# Incra Miter 5000 - A tale of delight



## PurpLev

Thanks for the review - I think you meant "squaring the SLED to the table was easy" and not the "saw" in the 3rd paragraph.

I'll validate and second the precision and repeatability of the Incra Miter gauges.. I have their 1000SE and find it very valuable.

I would like however to know more about the added versatility and values of the 5000 sled as opposed to their other miter gauges ? what do you find better/easier/etc about this 5000 model, then the 3000 model? or the 1000 model?


----------



## griph0n

Fantastic Customer service too. My 1000SE started to shift a bit on the pin. I emailed and they replied with some questions/suggestions. I checked again with no luck. I finally wrapped the centre pin in teflon tape and the shifting stopped. After a quick email… the replacement parts are in the mail. Very happy customer


----------



## PCorl

I have this same miter gauge and agree with your review 100%. Nice review.


----------



## Duckarrowtypes

I just set up my Incra 1000SE today on the SawStop. I've never been more pleased with a new tool since I first put a battery in my Wixie gauge! Small wonders.

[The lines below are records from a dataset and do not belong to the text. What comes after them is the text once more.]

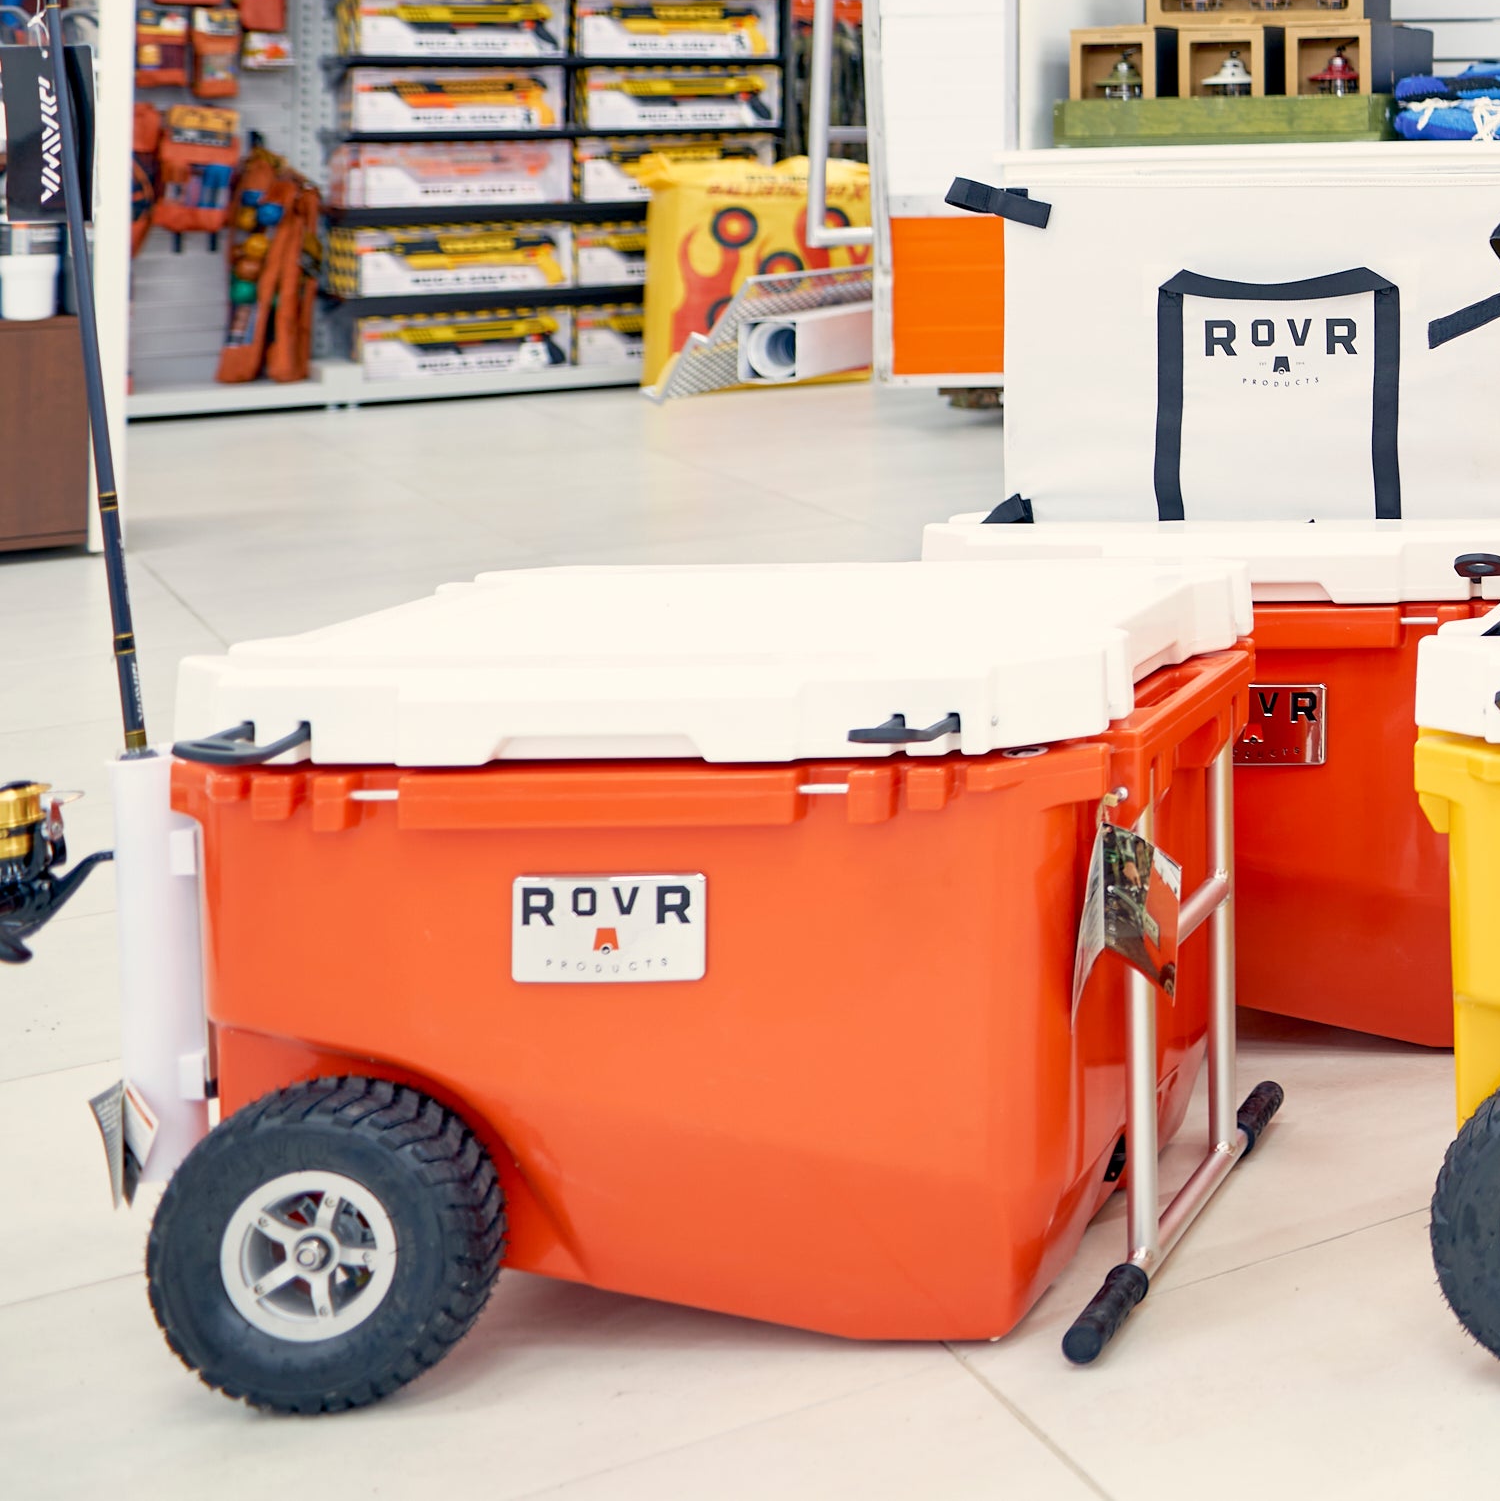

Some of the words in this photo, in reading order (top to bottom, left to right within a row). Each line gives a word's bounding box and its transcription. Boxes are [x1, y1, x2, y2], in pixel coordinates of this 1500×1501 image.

[38, 75, 62, 204] DAIWA
[1205, 317, 1359, 358] ROVR
[1242, 377, 1320, 389] PRODUCTS
[1258, 691, 1319, 723] VR
[522, 885, 692, 927] ROVR
[545, 956, 668, 974] PRODUCTS
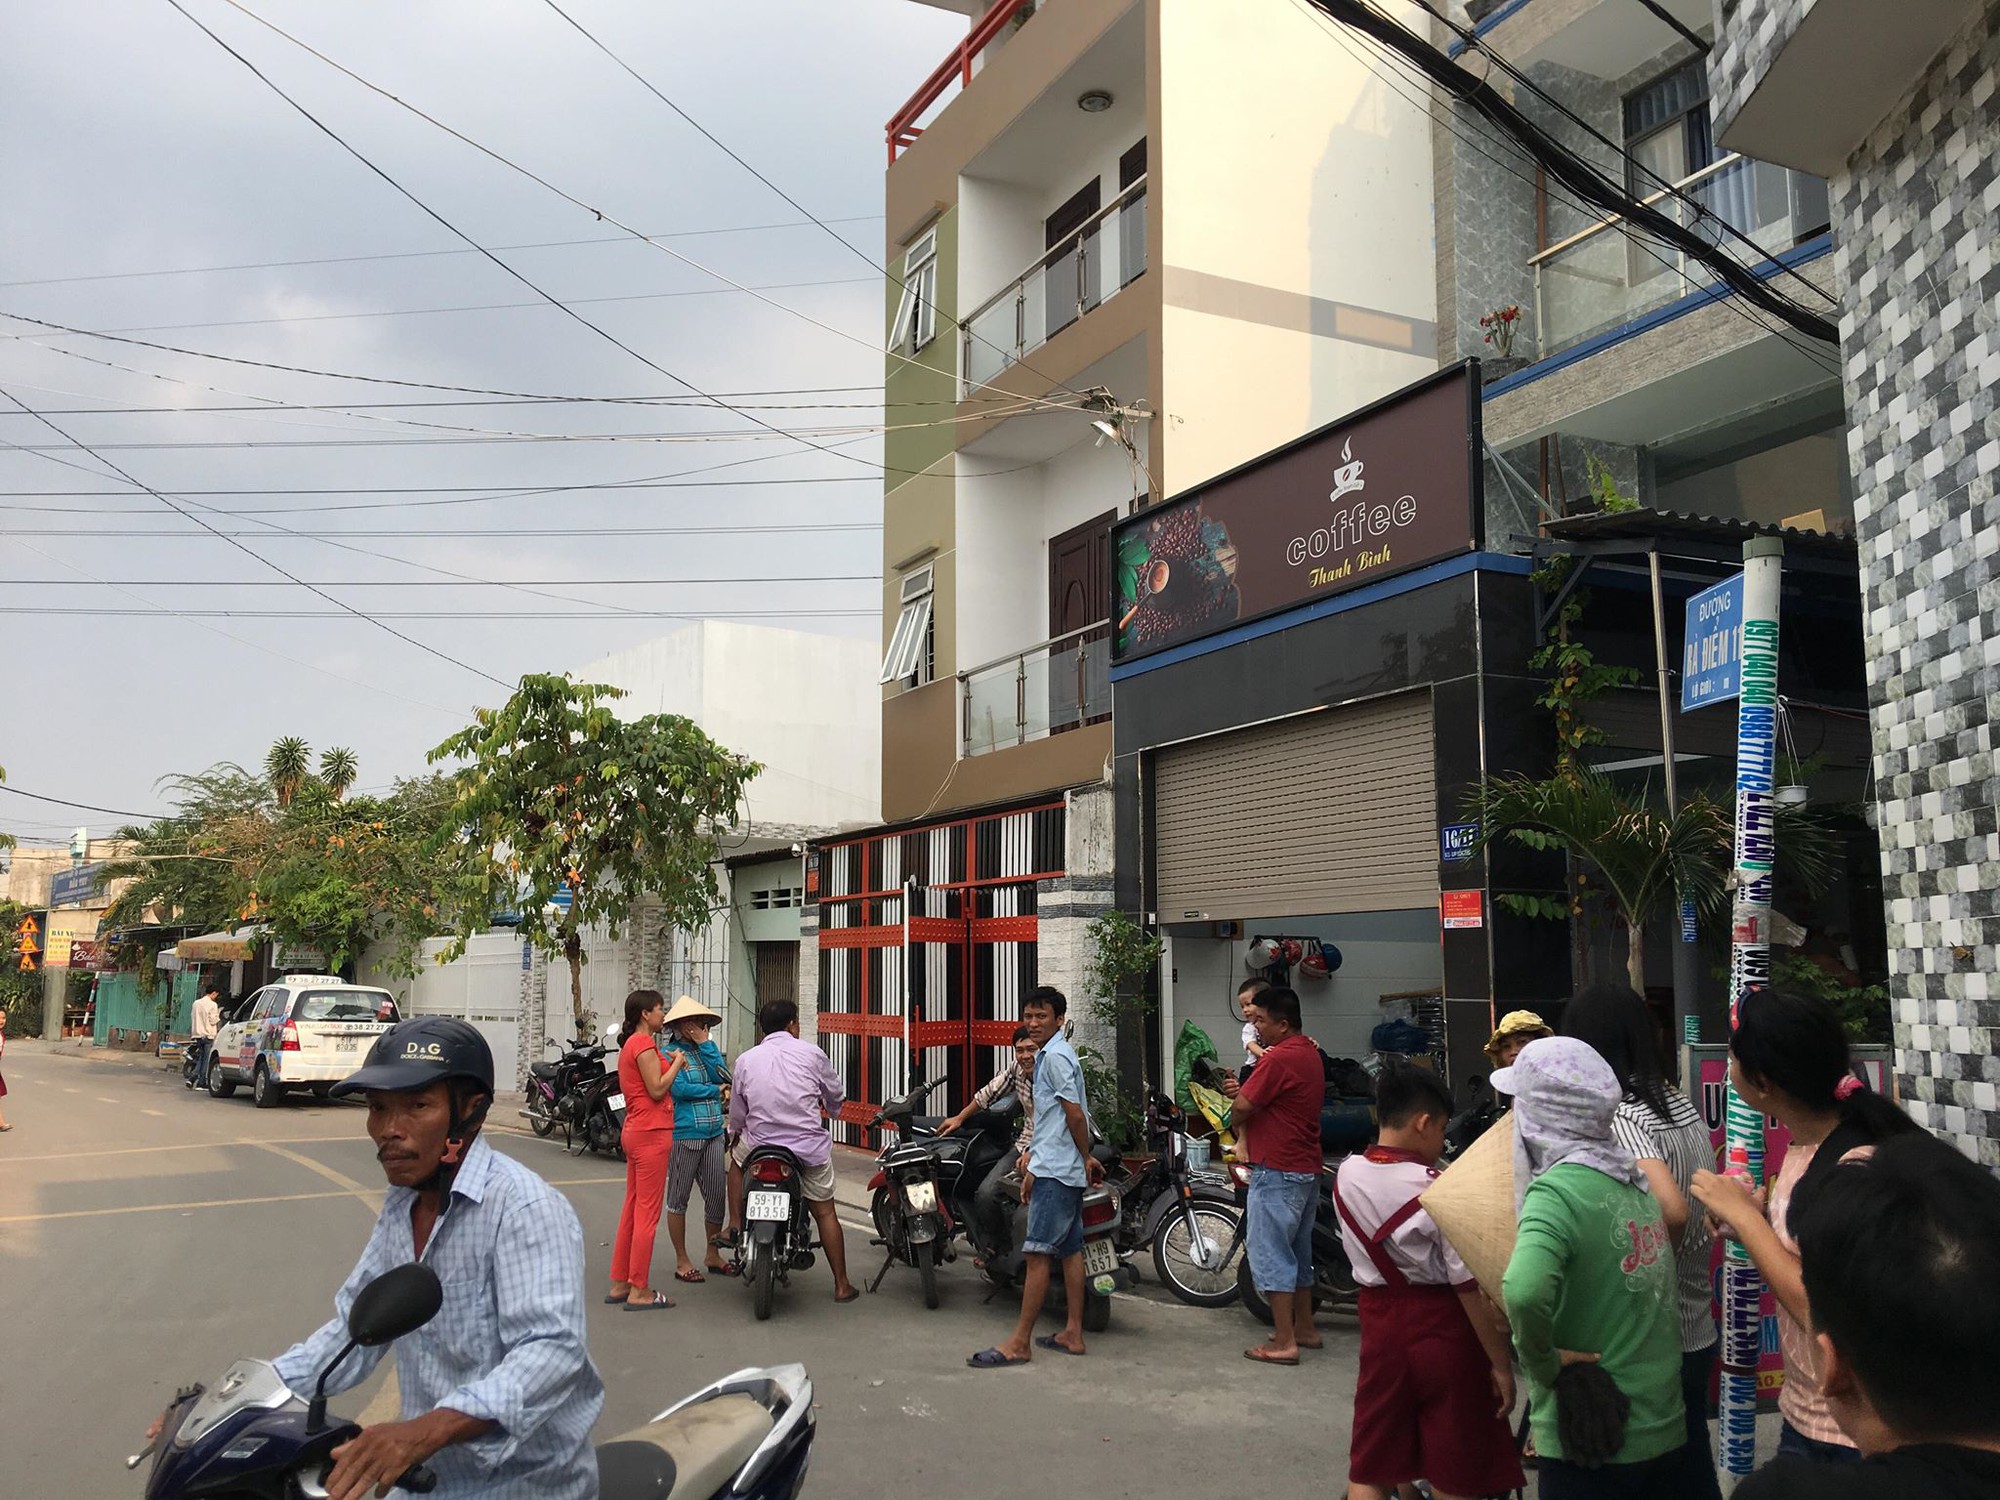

I too would like to know what you have to say about the sled. I debated getting the model 5000 because of the sled but ultimately opted for the cheaper and simpler 1000SE. Thoughts?

Jon


----------



## KTMM

I have this sled, and as a matter of fact, I sold my radial arm saw and miter saw shortly after getting it. I have found that it does everything I need that those two tools were used for. The only drawback is that it doesn't take voice commands and sharpen the saw blade while cutting…...


----------



## a1Jim

Thanks for the review


----------



## Cajunrotor

Just saw this review after seeing one offered on CL. Guess I'll have to dig into the "cookie jar" again!

Oh, yeah- GREAT review!


----------



## Iggles88

Is the miter 5000 all one piece or is it a miter gauge and a sled? I want to buy it but I need to be able to use it as just a miter gauge without the sled like the miter express can do


----------



## Pie

For some time now I have wanted to build a crosscut sled. I have managed to procrastinate (actually been busy renovating basement) long enough and let Santa (or Mrs. Santa) bring me one for Christmas. After researching online for some time about crosscut sleds, I came across a website about sliding rails etc.. on table saws that make cutting straight or angled cuts easy and accurate. I couldn't afford something like that due to space and cost, so I read about INCRA's miter sled that can be a crosscut sled and a miter sled. 
Now the decision to spurge on the 5000 or piece together a system. Santa splurged and I am glad he did. This sled rocks, last might I had to cut a 10" x 8' x 3/4" board so I put it on the 5000, locked it down and voila!. I give this product a 9.99999 only because the instructions are really good, they aren't perfect. One caveat, is that my saw is a Left Tilt saw and the 5000 is delivered for a Right Tilt saw. Nooooo Proooblemmmoooo, just move the miter gauge to the left hand side of the sled. All holes are predrilled , so it was easy. The reason I did not give this a 10 is because the instructions are written for Right Tilt saws, so my brain had to say "left" when the instructions said "right". Grrrr…


----------



## Peteybadboy

It is now on my list.


----------